A deep understanding of the Kaminsky attack won’t be necessary for this blog post. Nevertheless, if you want to learn more about the attack, I can recommend the paper from unixwiz.net, which helped me a lot in understanding the issue. For this post you only have to understand the following detail of the attack: we want to send a lot of spoofed DNS responses with varying DNS IDs. The more packets we send per second the higher our chance to succeed.

First attempt

Below you can find a simplified excerpt from my initial attack script. Packets are composed by gluing together the different layers with the / operator. For example, the DNS response over UDP follows the IP()/UDP()/DNS() structure. For now, you can safely ignore the parameters like source, destination or the particular DNS answer record. What is actually important is the for-loop, which sends 5000 packets using Scapy’s send() function.

This script is quite slow. It took over four minutes to send the 5000 packets.

> sudo python3 01_naive.py
sent 5000 responses in 265.825 seconds

To find the bottleneck that is wrecking performance I profiled the script with the cProfile module.

Most of the time is spent opening and closing sockets. It turns out send() opens a new socket for every single packet.

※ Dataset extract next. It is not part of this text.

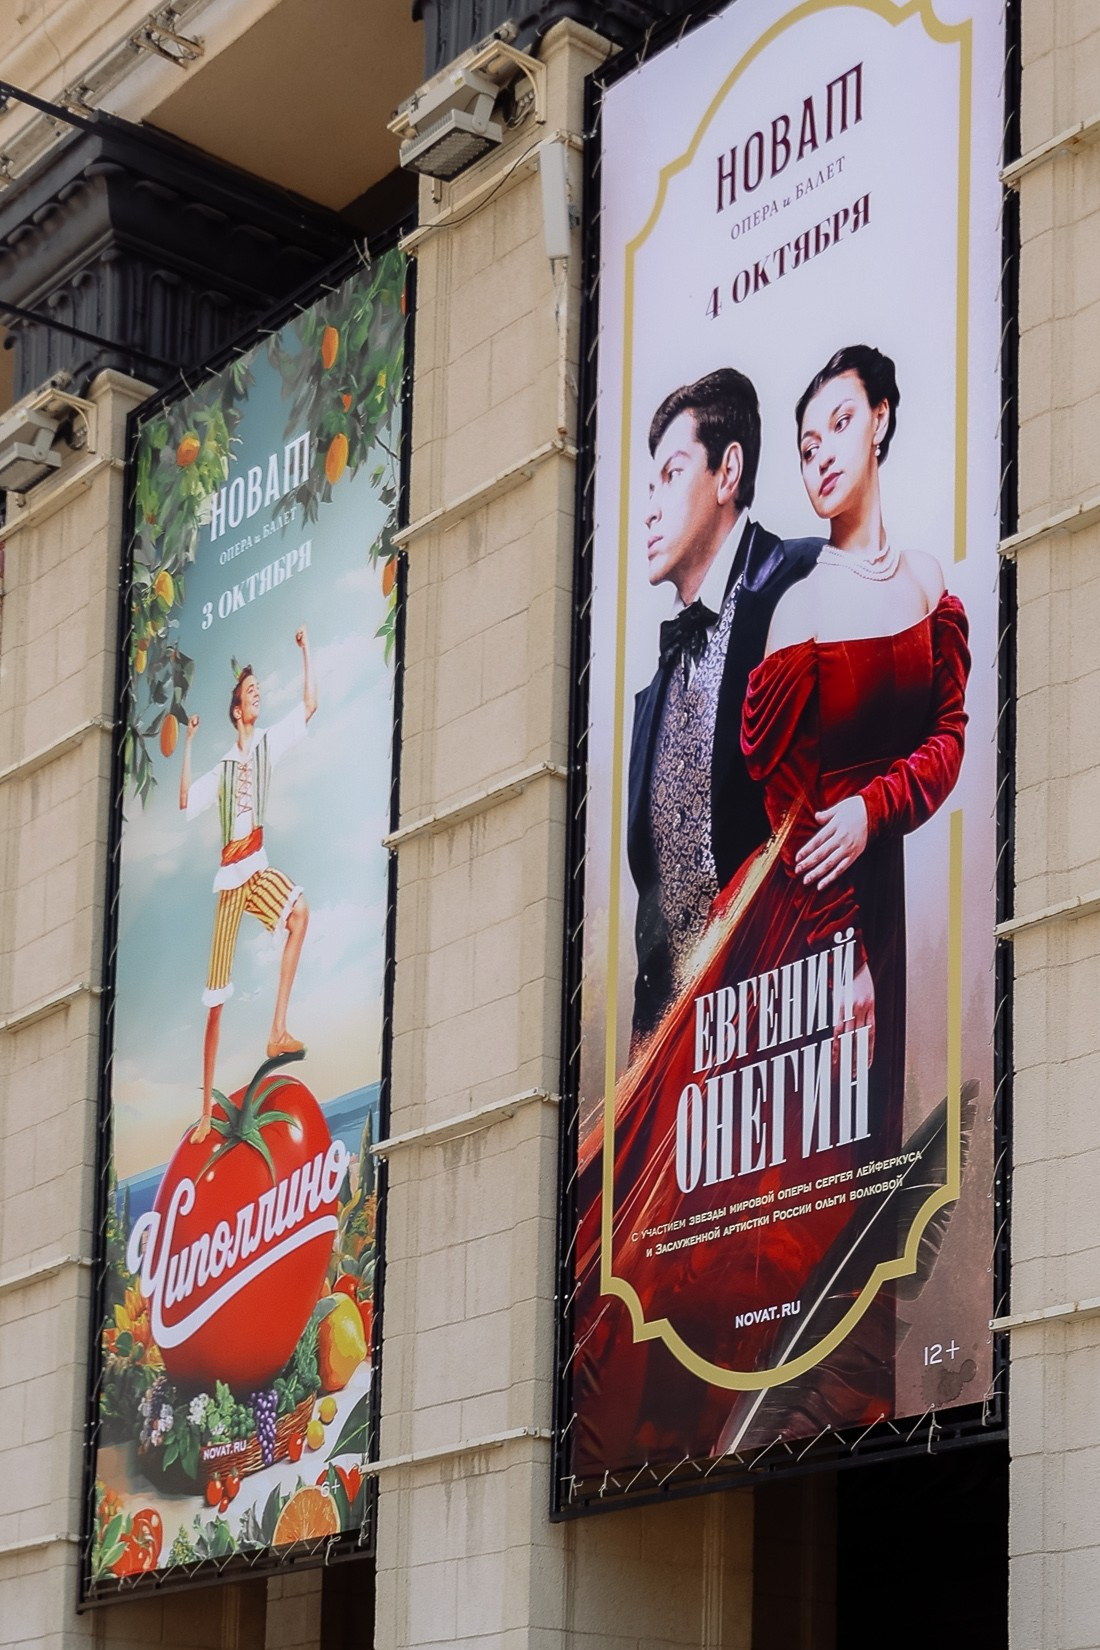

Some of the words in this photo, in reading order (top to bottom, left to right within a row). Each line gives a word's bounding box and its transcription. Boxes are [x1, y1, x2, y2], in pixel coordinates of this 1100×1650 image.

Second attempt: using a socket

To fix the performance problems discovered above, we must tell Scapy to use the same socket for all responses. Scapy supports two kinds of sockets. One at OSI Layer 2, the L2Socket, which accepts Ether()/... or bytes objects and the other at Layer 3, named L3Socket, which accepts IP()/... objects. The patch is quite simple: create an L3socket and replace send() with L3Socket.send().

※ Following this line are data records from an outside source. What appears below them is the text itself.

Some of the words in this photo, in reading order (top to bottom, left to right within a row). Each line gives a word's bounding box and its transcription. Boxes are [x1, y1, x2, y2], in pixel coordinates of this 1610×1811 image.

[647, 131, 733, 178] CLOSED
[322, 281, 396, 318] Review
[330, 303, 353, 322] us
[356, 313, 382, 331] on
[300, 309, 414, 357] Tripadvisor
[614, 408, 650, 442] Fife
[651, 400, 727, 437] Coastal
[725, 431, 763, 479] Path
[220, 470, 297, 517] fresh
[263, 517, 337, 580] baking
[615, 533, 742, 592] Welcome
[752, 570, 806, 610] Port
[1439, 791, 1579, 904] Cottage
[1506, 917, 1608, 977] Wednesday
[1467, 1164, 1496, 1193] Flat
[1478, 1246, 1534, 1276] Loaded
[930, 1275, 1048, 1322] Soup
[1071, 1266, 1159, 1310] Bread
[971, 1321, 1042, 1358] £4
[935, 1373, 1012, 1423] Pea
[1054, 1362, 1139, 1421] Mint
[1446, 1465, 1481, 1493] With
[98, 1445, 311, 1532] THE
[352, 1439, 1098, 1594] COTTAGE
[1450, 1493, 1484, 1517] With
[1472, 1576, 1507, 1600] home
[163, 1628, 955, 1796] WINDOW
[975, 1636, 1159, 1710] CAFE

When we execute the script, we can see that the performance increased by a factor of roughly 56.

> sudo python3 02_with_socket.py
sent 5000 responses in 4.743 seconds

We can further improve the script by roughly 1.5 seconds by preparing the response beforehand and only adjusting the ID within the loop:

Third attempt: pre-render response

The patch from above yielded in noticeably better performance, but can we do better? After another round of profiling the answer is: yes, but we have to fiddle with our responses on byte-level. It turns out that most of the time is spent encoding the Scapy objects to byte arrays which are suitable to transmit over the wire. Every time we send a packet, Scapy implicitly calls the raw() function to encode the object representing our DNS response to bytes. If we could do this only once before the loop, we would win even more performance. Recall that we have to adjust the DNS ID on every single packet. Therefore, preparing a static response using the raw() method will not be sufficient. My solution is to prepare the response before entering the loop and then to manually adjust the DNS ID and UDP checksum within the encoded byte array.

The performance critical part of the script is now 2000-3000 times faster than the initial version!